**DATA TO PROCESS:**
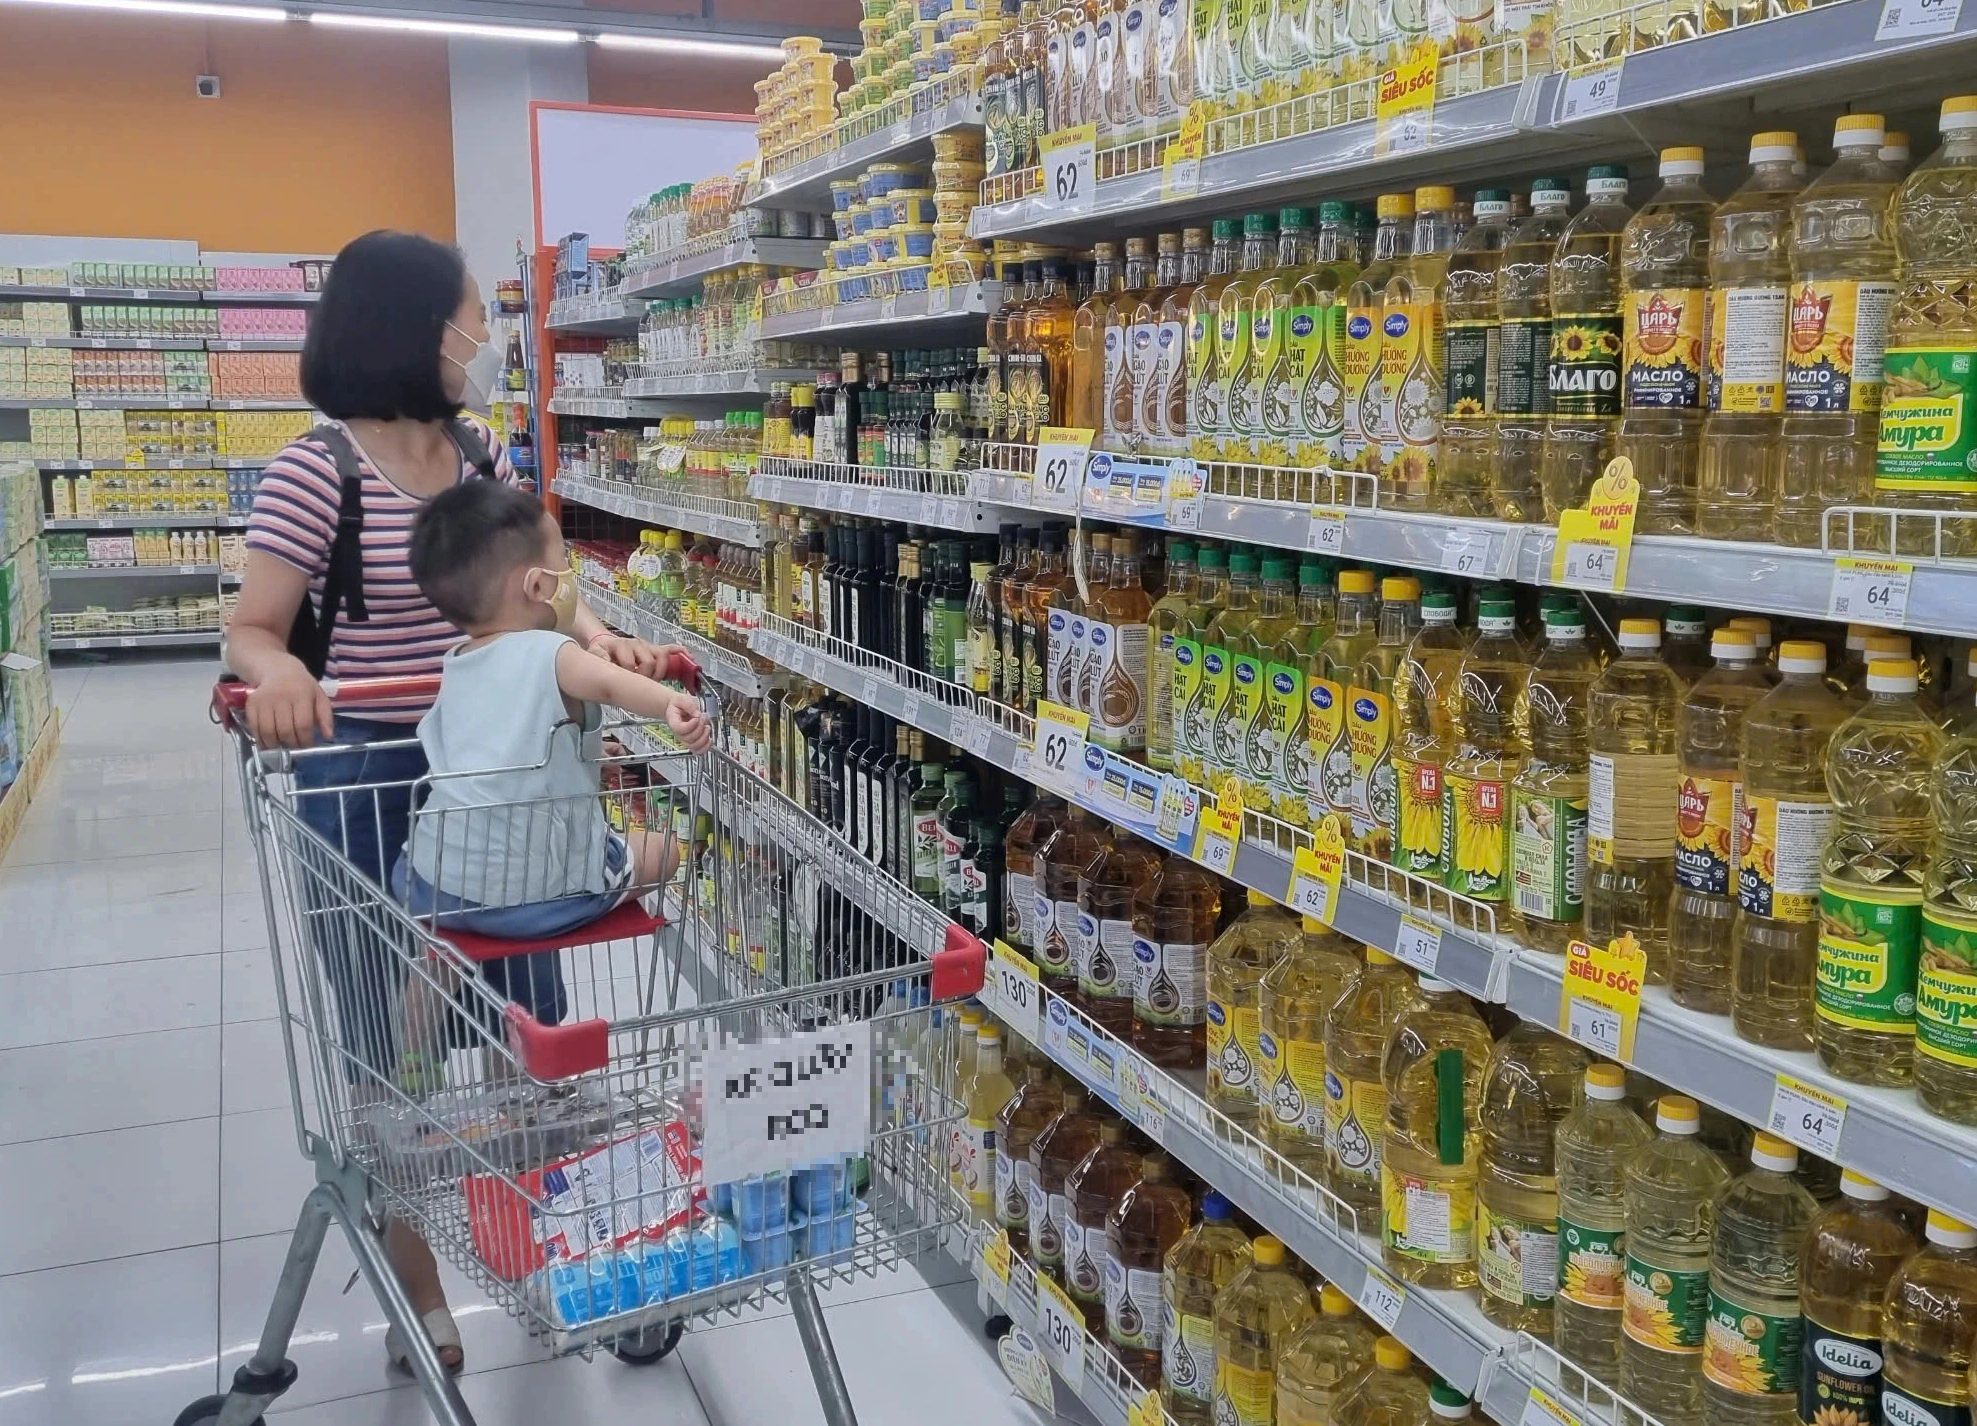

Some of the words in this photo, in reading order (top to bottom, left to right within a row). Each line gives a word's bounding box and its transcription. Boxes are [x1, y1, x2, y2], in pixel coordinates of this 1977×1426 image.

[1381, 80, 1406, 104] SIÊU
[1409, 66, 1434, 93] SỐC
[1589, 80, 1606, 98] 49
[1056, 163, 1079, 202] 62
[1293, 321, 1313, 332] Simply
[1350, 322, 1371, 333] Simply
[1386, 320, 1408, 331] Simply
[1641, 312, 1677, 327] ЦАРЬ
[1551, 366, 1616, 391] БЛАГО
[1632, 370, 1683, 382] МАСЛО
[1825, 397, 1831, 407] 1
[1046, 458, 1068, 494] 62
[1092, 461, 1111, 475] Simply
[1182, 506, 1190, 519] 69
[1591, 504, 1633, 517] KHUYẾN
[1322, 528, 1333, 542] 62
[1458, 555, 1473, 571] 67
[1587, 553, 1603, 570] 64
[1868, 586, 1889, 605] 64
[1236, 667, 1254, 681] Simply
[1274, 677, 1293, 691] Simply
[1312, 690, 1332, 706] Simply
[1356, 702, 1377, 718] Simply
[1045, 734, 1067, 770] 62
[1086, 750, 1103, 767] Simply
[1217, 808, 1240, 823] KHUYẾN
[1213, 846, 1223, 860] 69
[1314, 850, 1341, 864] KHUYẾN
[1306, 890, 1318, 906] 62
[1416, 939, 1428, 955] 51
[1573, 945, 1587, 957] GIÁ
[1568, 960, 1603, 984] SIÊU
[1606, 970, 1639, 996] SỐC
[1001, 970, 1027, 1008] 130
[1591, 1020, 1605, 1038] 61
[1802, 1113, 1823, 1135] 64
[1375, 1290, 1391, 1312] 112
[1046, 1308, 1071, 1354] 130
[1822, 1345, 1873, 1370] Idelia
[1816, 1371, 1863, 1392] SUNFLOWER

**WHAT TO WORK ON:** The records above must be printed exactly; the pictures stay out.

**ANSWER AREA:**
Some of the words in this photo, in reading order (top to bottom, left to right within a row). Each line gives a word's bounding box and its transcription. Boxes are [x1, y1, x2, y2], in pixel coordinates of this 1977×1426 image.

[1381, 80, 1406, 104] SIÊU
[1409, 66, 1434, 93] SỐC
[1589, 80, 1606, 98] 49
[1056, 163, 1079, 202] 62
[1293, 321, 1313, 332] Simply
[1350, 322, 1371, 333] Simply
[1386, 320, 1408, 331] Simply
[1641, 312, 1677, 327] ЦАРЬ
[1551, 366, 1616, 391] БЛАГО
[1632, 370, 1683, 382] МАСЛО
[1825, 397, 1831, 407] 1
[1046, 458, 1068, 494] 62
[1092, 461, 1111, 475] Simply
[1182, 506, 1190, 519] 69
[1591, 504, 1633, 517] KHUYẾN
[1322, 528, 1333, 542] 62
[1458, 555, 1473, 571] 67
[1587, 553, 1603, 570] 64
[1868, 586, 1889, 605] 64
[1236, 667, 1254, 681] Simply
[1274, 677, 1293, 691] Simply
[1312, 690, 1332, 706] Simply
[1356, 702, 1377, 718] Simply
[1045, 734, 1067, 770] 62
[1086, 750, 1103, 767] Simply
[1217, 808, 1240, 823] KHUYẾN
[1213, 846, 1223, 860] 69
[1314, 850, 1341, 864] KHUYẾN
[1306, 890, 1318, 906] 62
[1416, 939, 1428, 955] 51
[1573, 945, 1587, 957] GIÁ
[1568, 960, 1603, 984] SIÊU
[1606, 970, 1639, 996] SỐC
[1001, 970, 1027, 1008] 130
[1591, 1020, 1605, 1038] 61
[1802, 1113, 1823, 1135] 64
[1375, 1290, 1391, 1312] 112
[1046, 1308, 1071, 1354] 130
[1822, 1345, 1873, 1370] Idelia
[1816, 1371, 1863, 1392] SUNFLOWER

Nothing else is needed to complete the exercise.